▸ EXERCISE INSTRUCTIONS:
Leaving out the pictures, copy each record below exactly.

-- TASK MATERIAL follows --

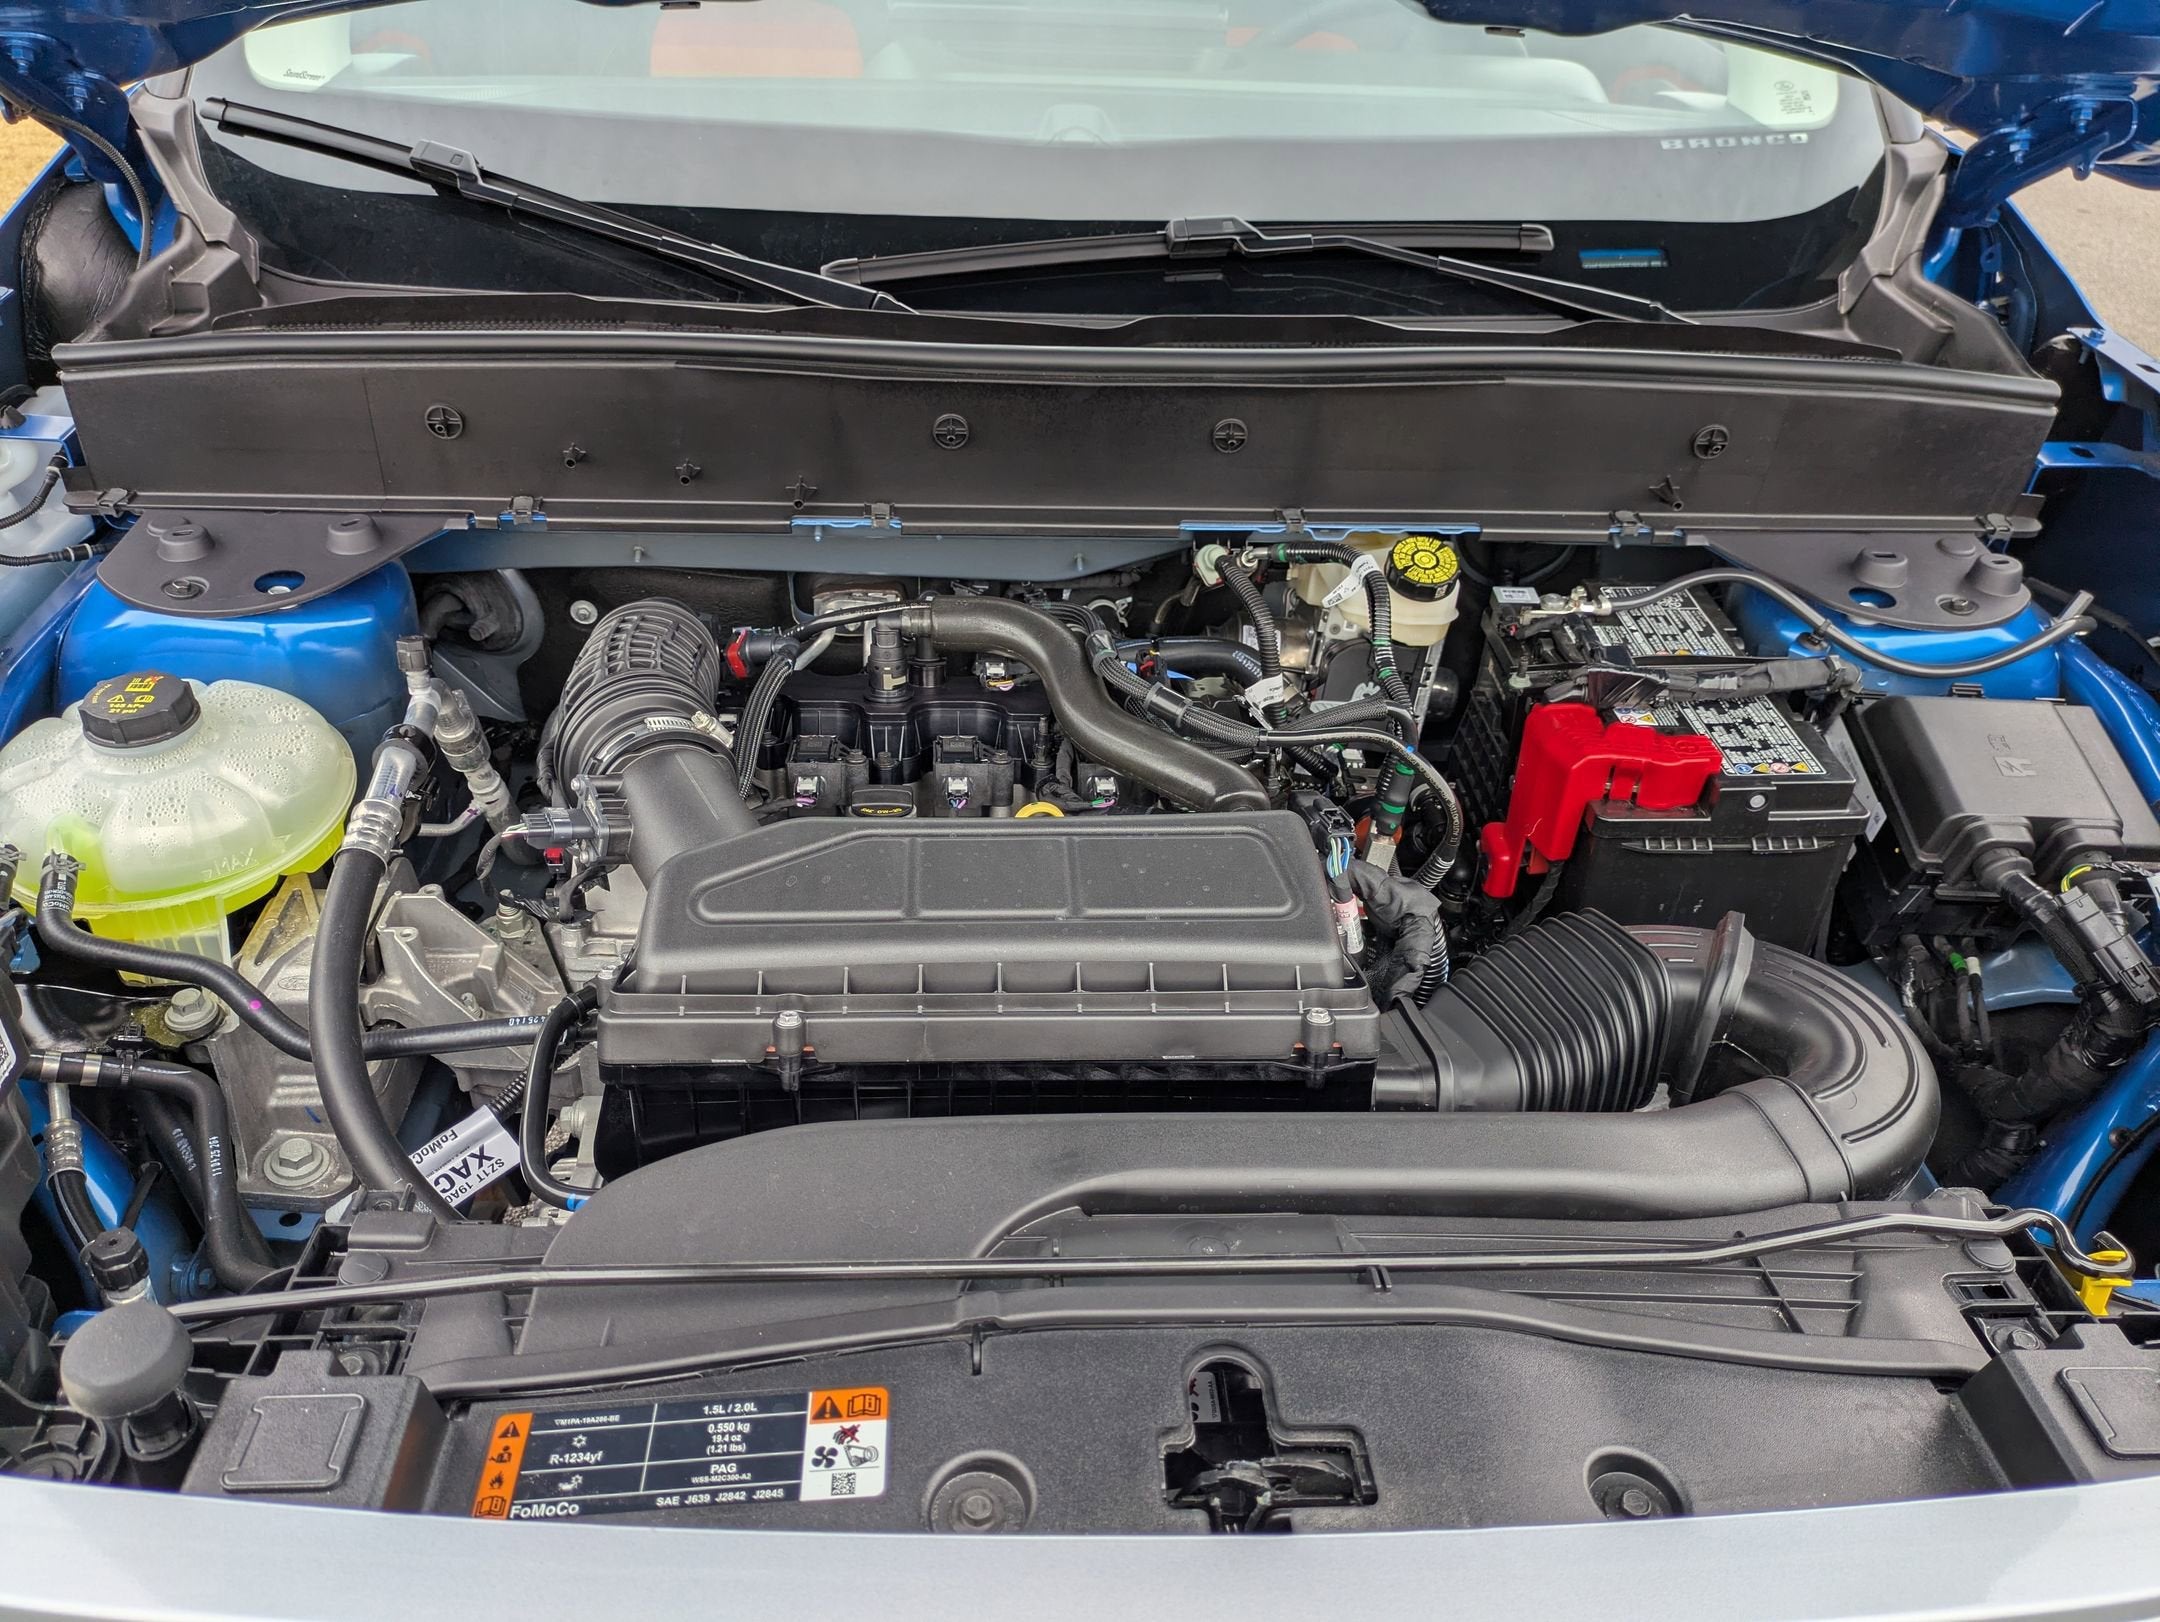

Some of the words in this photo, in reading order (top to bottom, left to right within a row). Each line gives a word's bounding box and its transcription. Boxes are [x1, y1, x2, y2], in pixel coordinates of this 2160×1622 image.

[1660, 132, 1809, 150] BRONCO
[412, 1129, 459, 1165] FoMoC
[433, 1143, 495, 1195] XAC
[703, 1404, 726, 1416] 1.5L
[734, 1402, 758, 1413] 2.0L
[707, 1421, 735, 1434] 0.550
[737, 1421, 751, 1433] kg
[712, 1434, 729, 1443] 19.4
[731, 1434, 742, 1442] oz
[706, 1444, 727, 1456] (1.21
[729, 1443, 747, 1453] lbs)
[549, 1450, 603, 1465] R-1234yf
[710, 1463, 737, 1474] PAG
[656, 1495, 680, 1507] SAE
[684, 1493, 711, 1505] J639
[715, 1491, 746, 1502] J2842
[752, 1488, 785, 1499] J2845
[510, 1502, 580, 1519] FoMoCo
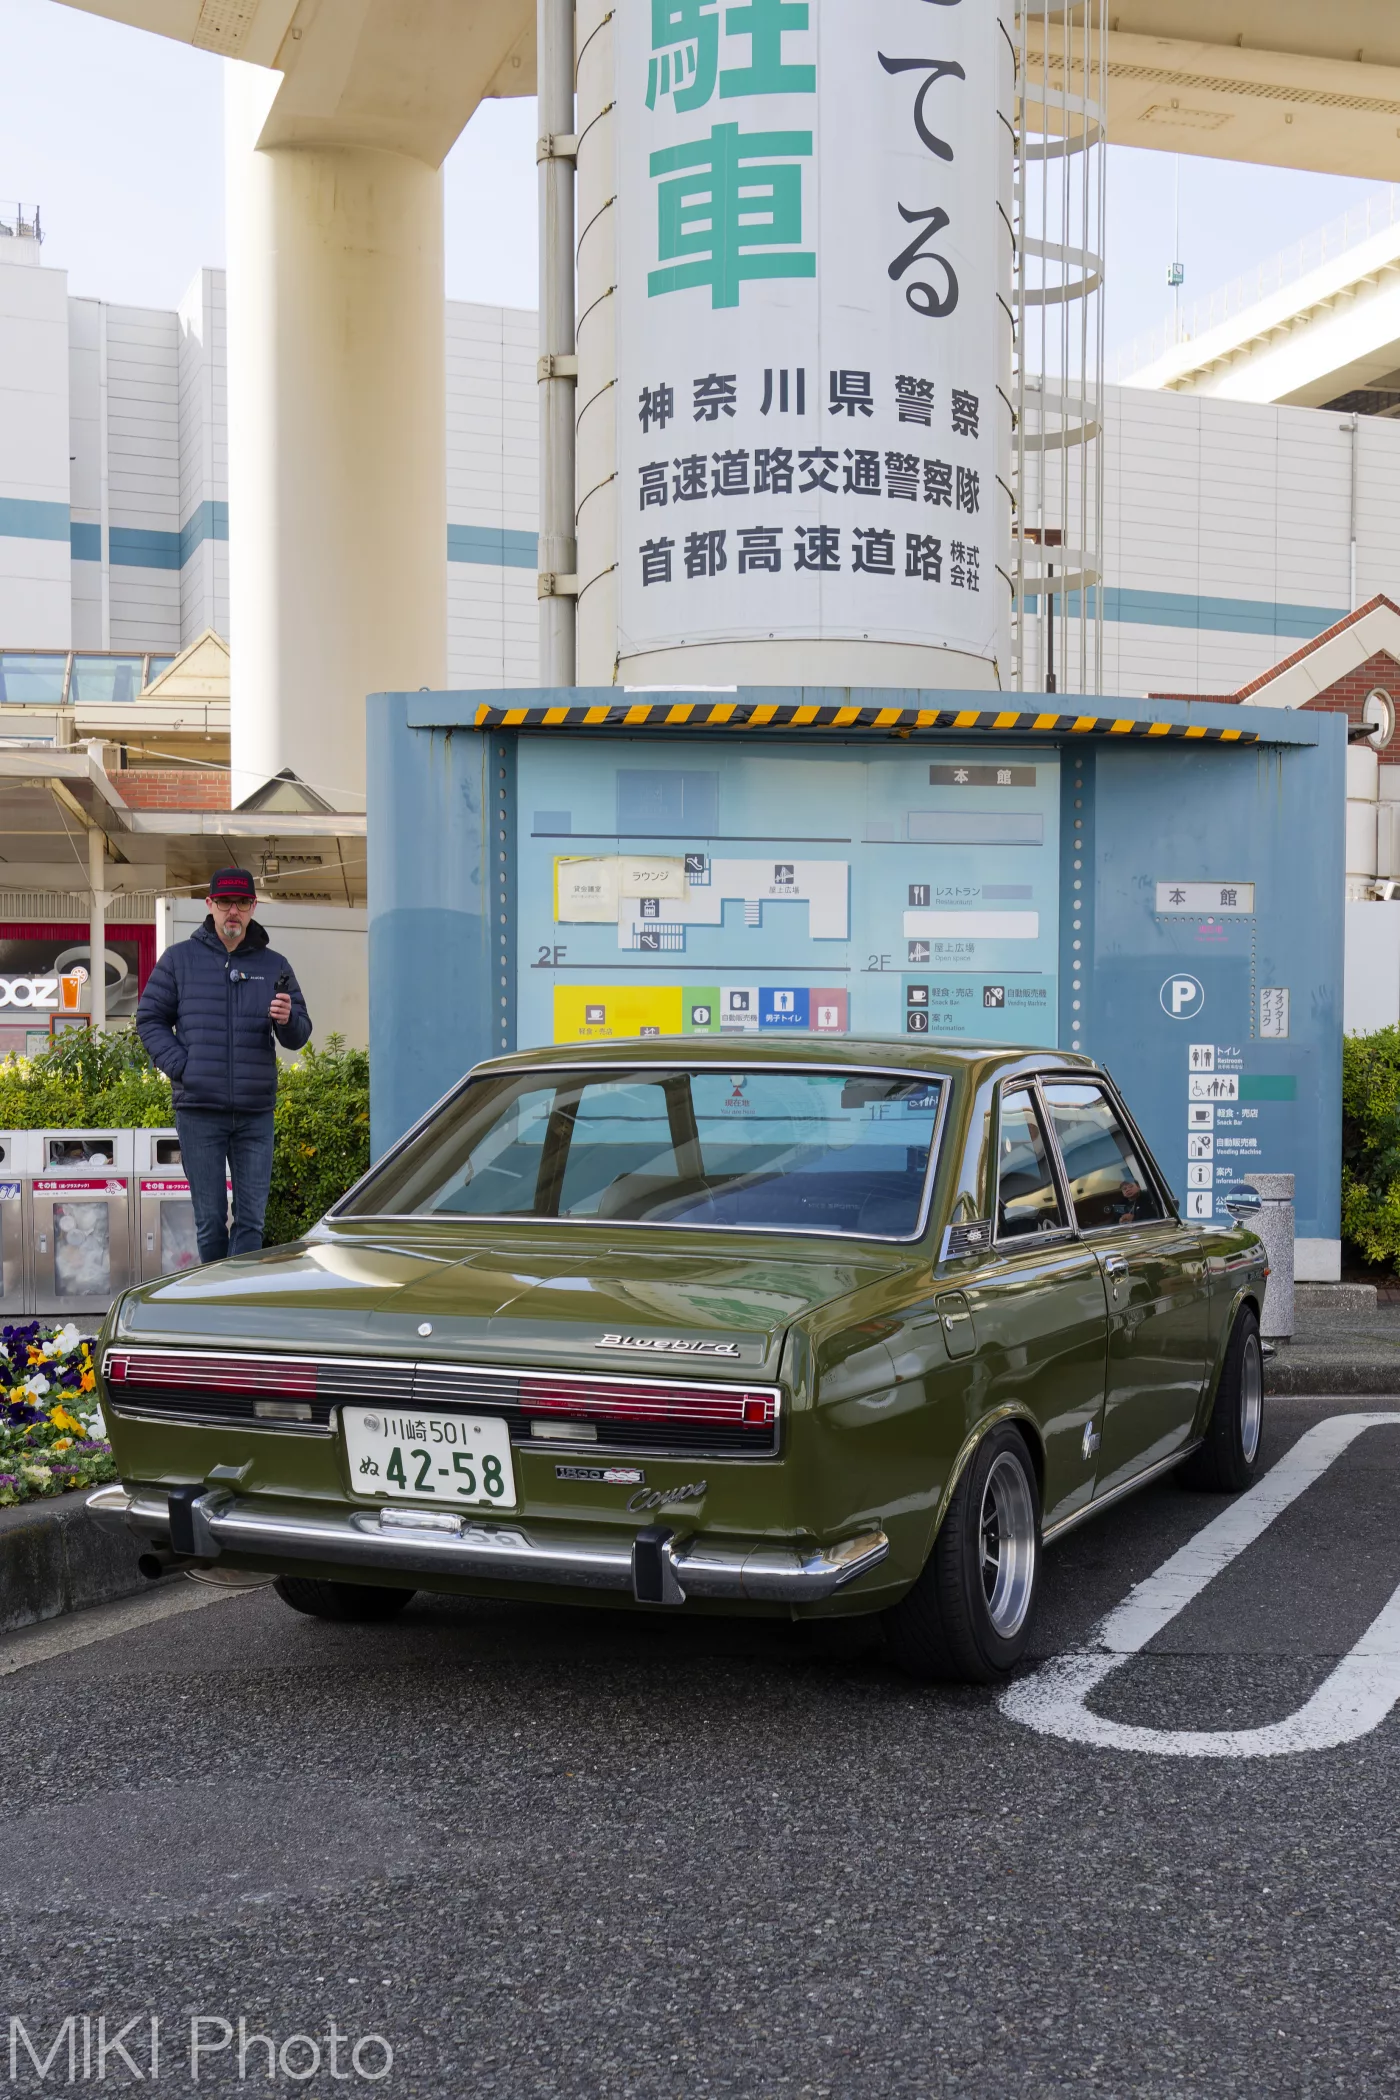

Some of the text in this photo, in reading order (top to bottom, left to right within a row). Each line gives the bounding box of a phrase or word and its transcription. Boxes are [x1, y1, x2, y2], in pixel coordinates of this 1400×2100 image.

-- TASK MATERIAL concluded --

▸ TASK SOLUTION:
Some of the words in this photo, in reading order (top to bottom, left to right within a row). Each line gives a word's bounding box and its transcription. Boxes are [x1, y1, x2, y2], in pixel coordinates of this 2160×1622 image.

[1660, 132, 1809, 150] BRONCO
[412, 1129, 459, 1165] FoMoC
[433, 1143, 495, 1195] XAC
[703, 1404, 726, 1416] 1.5L
[734, 1402, 758, 1413] 2.0L
[707, 1421, 735, 1434] 0.550
[737, 1421, 751, 1433] kg
[712, 1434, 729, 1443] 19.4
[731, 1434, 742, 1442] oz
[706, 1444, 727, 1456] (1.21
[729, 1443, 747, 1453] lbs)
[549, 1450, 603, 1465] R-1234yf
[710, 1463, 737, 1474] PAG
[656, 1495, 680, 1507] SAE
[684, 1493, 711, 1505] J639
[715, 1491, 746, 1502] J2842
[752, 1488, 785, 1499] J2845
[510, 1502, 580, 1519] FoMoCo

Some of the text in this photo, in reading order (top to bottom, left to right within a row). Each line gives the bounding box of a phrase or word and its transcription. Boxes are [x1, y1, x2, y2], in pixel coordinates of this 1400×2100 image.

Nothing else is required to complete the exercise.